A dor crônica é um dos principais problemas de saúde pública, sendo a maior causa de incapacidade no mundo e superando, em custos, doenças como diabetes e câncer. Apesar de seu impacto significativo, ainda há poucas estratégias eficazes de prevenção e tratamento baseadas em evidências.
A condição pode se manifestar de diferentes formas, e uma das suas principais causas é a dor miofascial, associada aos chamados pontos-gatilho. Esses pontos são áreas hiperirritáveis na musculatura, podendo gerar dor local ou referida. Os pontos-gatilho podem ser classificados como ativos (quando causam dor espontânea) ou latentes (quando só geram dor ao serem pressionados).
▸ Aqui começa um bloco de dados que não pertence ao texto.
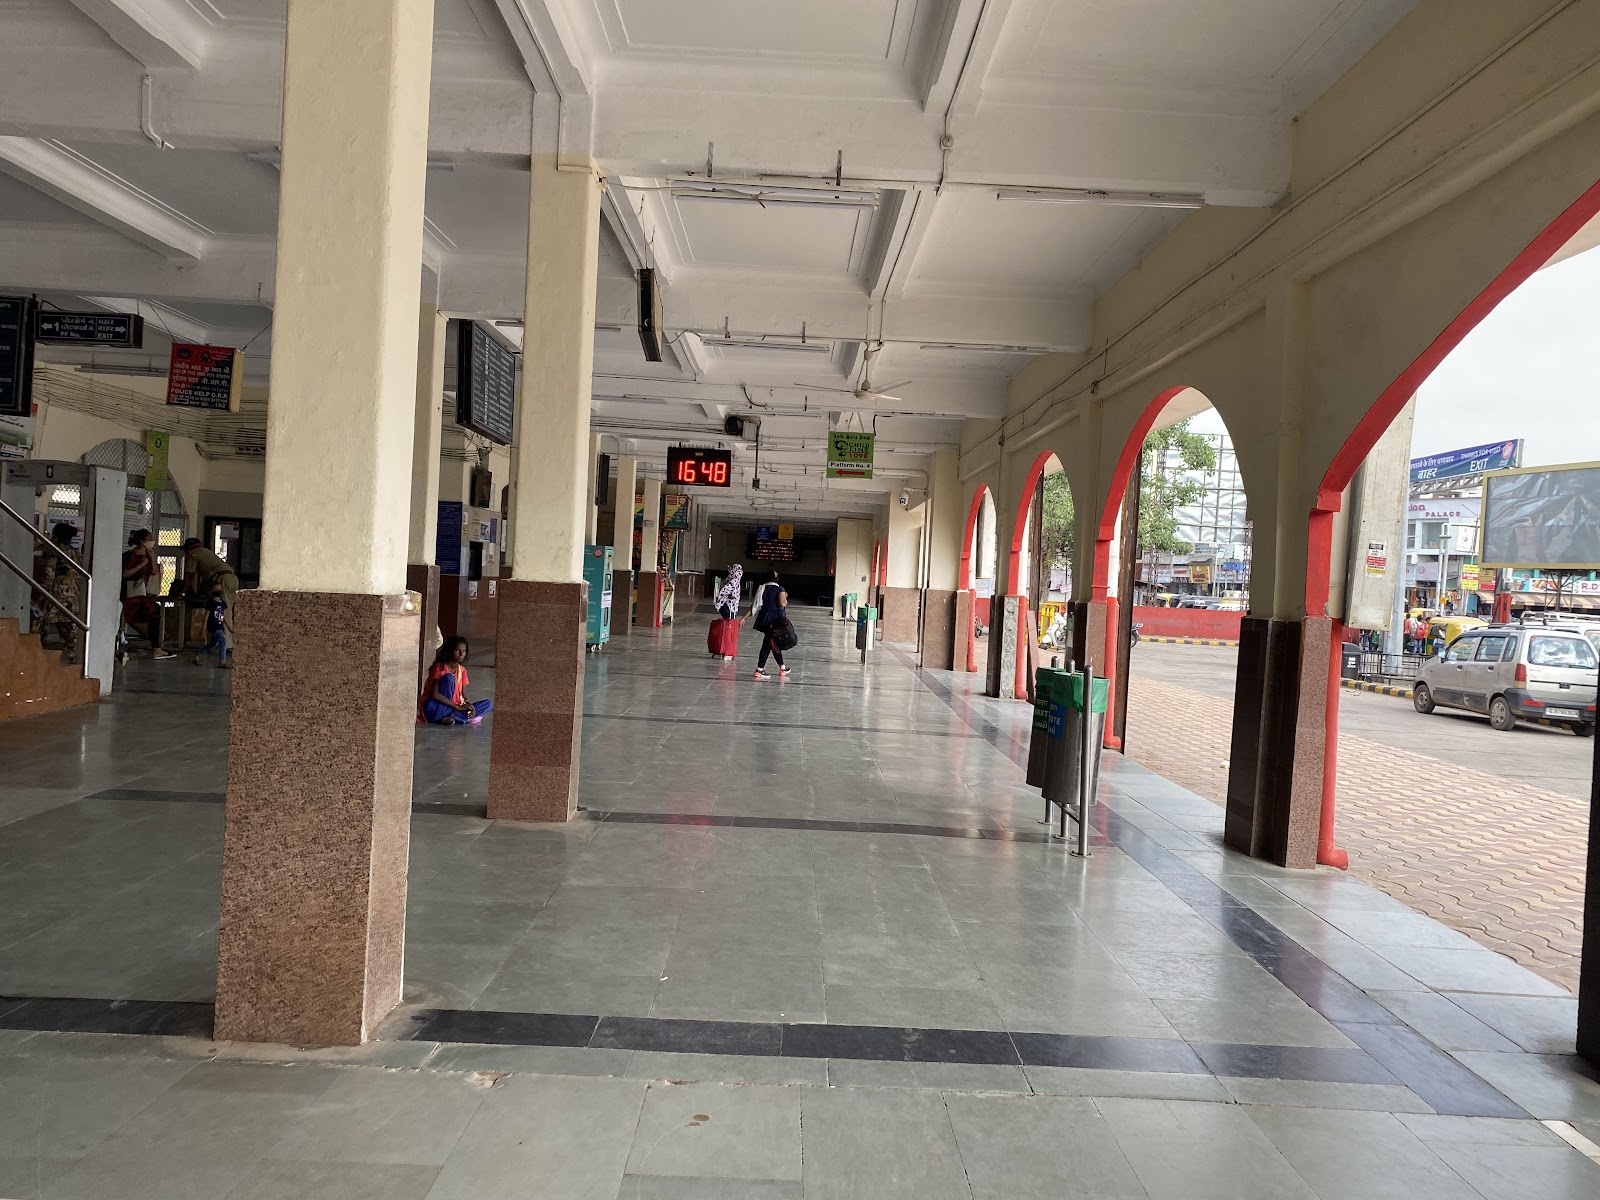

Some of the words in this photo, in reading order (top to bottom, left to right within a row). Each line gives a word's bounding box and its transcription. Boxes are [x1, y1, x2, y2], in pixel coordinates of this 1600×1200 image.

[53, 321, 60, 332] 1
[1470, 458, 1489, 471] EXIT
[1417, 467, 1438, 479] बाहर
Eles são frequentemente negligenciados em quadros de dor crônica, mas podem estar ligados a diversas condições, como osteoartrite, síndrome do intestino irritável, zumbido no ouvido etc. O entendimento da dor miofascial evoluiu nos últimos anos, com novas pesquisas desafiando antigas teorias sobre sua origem e mecanismos.
A dor miofascial pode ser intensificada por um processo chamado sensibilização periférica e central. Isso acontece quando os receptores da dor ficam mais sensíveis, tornando o corpo mais reativo a estímulos dolorosos.
Nosso sistema nervoso tem três partes principais que trabalham juntas para perceber a dor:
- Caminhos aferentes – levam sinais de dor da pele, músculos e articulações até a medula espinhal e, depois, ao cérebro.
- Centros de integração – localizados no cérebro, interpretam e processam a dor.
- Caminhos eferentes – enviam respostas do cérebro para a medula espinhal, ajudando a controlar ou diminuir a dor.
Em algumas condições, como fibromialgia e dor neuropática, o sistema nervoso pode entrar em um estado de “hipersensibilidade”, fazendo com que a dor se torne mais intensa e duradoura. Dores prolongadas podem até mudar a estrutura do cérebro, mas a boa notícia é que uma abordagem adequada pode ajudar a reverter essas alterações. Isso inclui uma boa hidratação, treino adequado, descanso, sessão de liberação miofascial, entre outros cuidados.